(Beginning of DATA UNDER STUDY)
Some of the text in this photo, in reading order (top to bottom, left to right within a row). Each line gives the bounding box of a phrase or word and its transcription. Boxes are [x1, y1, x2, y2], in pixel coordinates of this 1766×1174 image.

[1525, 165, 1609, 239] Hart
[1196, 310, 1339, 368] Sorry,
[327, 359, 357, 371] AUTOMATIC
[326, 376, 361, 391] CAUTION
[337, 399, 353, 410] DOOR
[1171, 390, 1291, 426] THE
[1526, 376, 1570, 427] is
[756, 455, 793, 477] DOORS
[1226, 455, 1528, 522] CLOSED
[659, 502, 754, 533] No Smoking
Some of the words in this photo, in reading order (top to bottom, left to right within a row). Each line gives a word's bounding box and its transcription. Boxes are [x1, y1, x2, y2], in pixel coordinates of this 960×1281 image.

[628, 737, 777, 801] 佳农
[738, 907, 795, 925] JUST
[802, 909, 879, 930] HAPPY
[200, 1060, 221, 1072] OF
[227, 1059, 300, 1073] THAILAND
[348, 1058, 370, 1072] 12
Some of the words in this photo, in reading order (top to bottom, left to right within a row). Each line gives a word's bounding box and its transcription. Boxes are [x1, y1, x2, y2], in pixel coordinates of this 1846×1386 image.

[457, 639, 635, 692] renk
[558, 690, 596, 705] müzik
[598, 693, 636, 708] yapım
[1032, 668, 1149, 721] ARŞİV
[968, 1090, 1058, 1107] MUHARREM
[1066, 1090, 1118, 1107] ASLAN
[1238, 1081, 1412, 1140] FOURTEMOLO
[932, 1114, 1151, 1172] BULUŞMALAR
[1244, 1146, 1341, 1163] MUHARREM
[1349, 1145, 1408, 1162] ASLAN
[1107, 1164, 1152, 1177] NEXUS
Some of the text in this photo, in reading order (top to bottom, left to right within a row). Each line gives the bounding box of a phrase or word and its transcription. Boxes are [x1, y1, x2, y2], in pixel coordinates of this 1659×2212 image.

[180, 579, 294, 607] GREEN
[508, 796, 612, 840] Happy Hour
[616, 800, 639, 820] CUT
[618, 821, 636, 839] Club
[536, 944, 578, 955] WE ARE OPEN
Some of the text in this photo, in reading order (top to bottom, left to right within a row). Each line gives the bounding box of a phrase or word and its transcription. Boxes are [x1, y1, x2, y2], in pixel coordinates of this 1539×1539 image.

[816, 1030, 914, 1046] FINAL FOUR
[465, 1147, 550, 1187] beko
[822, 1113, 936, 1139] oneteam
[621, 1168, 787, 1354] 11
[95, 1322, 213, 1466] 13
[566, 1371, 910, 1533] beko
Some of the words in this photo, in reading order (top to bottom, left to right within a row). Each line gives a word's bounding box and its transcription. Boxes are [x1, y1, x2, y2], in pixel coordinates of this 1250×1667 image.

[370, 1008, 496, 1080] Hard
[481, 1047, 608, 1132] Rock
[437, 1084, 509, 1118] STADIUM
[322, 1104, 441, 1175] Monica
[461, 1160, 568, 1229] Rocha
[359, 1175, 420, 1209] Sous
(End of DATA UNDER STUDY)
> [REQUIRED ACTION]
Print, exactly as they appear above, the lines running from the one with "this 1250×1667 image." through the final line.

> [RESPONSE TO THE TASK]
Some of the words in this photo, in reading order (top to bottom, left to right within a row). Each line gives a word's bounding box and its transcription. Boxes are [x1, y1, x2, y2], in pixel coordinates of this 1250×1667 image.

[370, 1008, 496, 1080] Hard
[481, 1047, 608, 1132] Rock
[437, 1084, 509, 1118] STADIUM
[322, 1104, 441, 1175] Monica
[461, 1160, 568, 1229] Rocha
[359, 1175, 420, 1209] Sous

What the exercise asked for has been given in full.